La malaria è una grave malattia infettiva che ogni anno uccide mezzo milione di persone di cui 260.000 sotto i 5 anni: questo la rende una delle principali cause di morte infantile.
Le Infezioni da Malaria sono inoltre concentrate in pochi paesi: Nigeria, Congo, Uganda, Mozambico e Niger da sole rappresentano circa il 51% di tutti i casi a livello globale.
La malaria affligge l’uomo da più di 50.000 anni. Un suo vaccino però non si è mai riuscito a produrre.
Questo fino al 2015 dove dopo 30 anni di ricerca la GSK pubblica i risultati del trial clinico di Mosquirix RTS,S/AS01.

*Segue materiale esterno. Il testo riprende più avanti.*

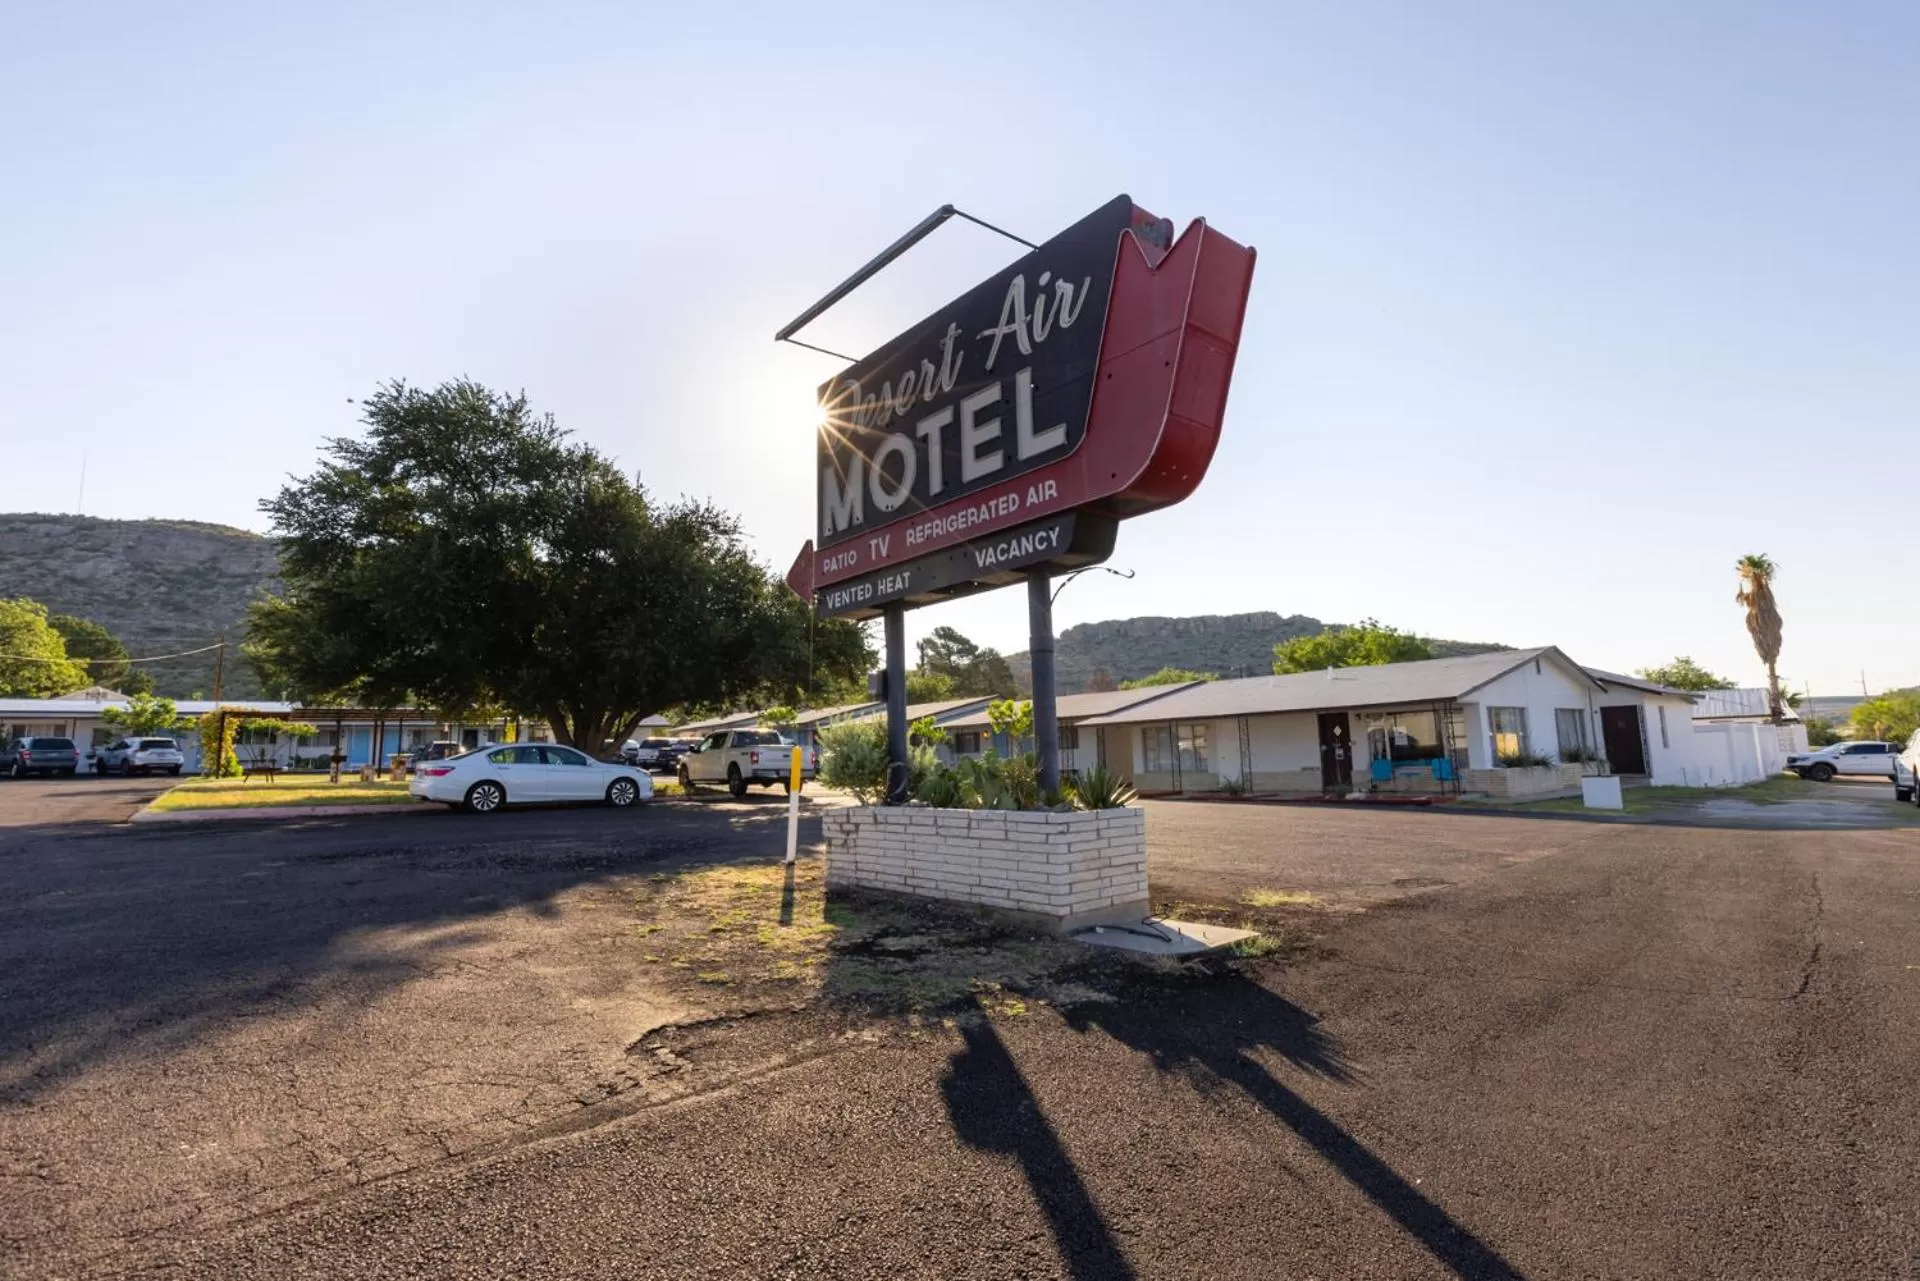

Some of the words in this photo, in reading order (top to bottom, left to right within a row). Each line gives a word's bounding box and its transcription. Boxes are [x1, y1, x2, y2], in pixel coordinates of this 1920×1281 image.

Secondo i dati il vaccino ha un’efficacia di circa il 30% nel prevenire la forma grave della malattia nel primo anno, ma la cifra si abbassa quasi fino a zero entro il quarto anno.
Nonostante la ridotta efficacia, diversi modelli hanno stimato che il vaccino potrebbe prevenire 5,4 milioni di casi e 23.000 morti in bambini di età inferiore ai 5 anni .
La comunità scientifica ha accolto con entusiasmo la notizia, anche se riservandosi qualche perplessità: l’impiego di questo vaccino costerebbe quasi 400 milioni di dollari l’anno, il ciclo vaccinale è complesso e potrebbe far passare in secondo piano altre misure necessarie come insetticidi e miglioramento dei sistemi sanitari.
Nonostante ciò, alla luce dei dati, l’OMS ha dato il via libera al vaccino l’anno scorso.
Questo è stato il primo vaccino approvato per la malaria.
Il 7 settembre di quest’anno è uscito su Lancet invece risultato del vaccino R21/Matrix-M.
I dati sono impressionanti: un efficacia del 80% (tre dosi e un booster a distanza). Entro fine anno dovrebbe essere confermato da da studi più ampi.
Il team di Oxford sostiene che il loro approccio è più efficace e può essere prodotto su scala molto maggiore: il Serum Institute, infatti, si è gia impegnato a produrre almeno 200 milioni di dosi di vaccino ogni anno se alla fine ne sarà autorizzato l’uso, atteso per il 2023.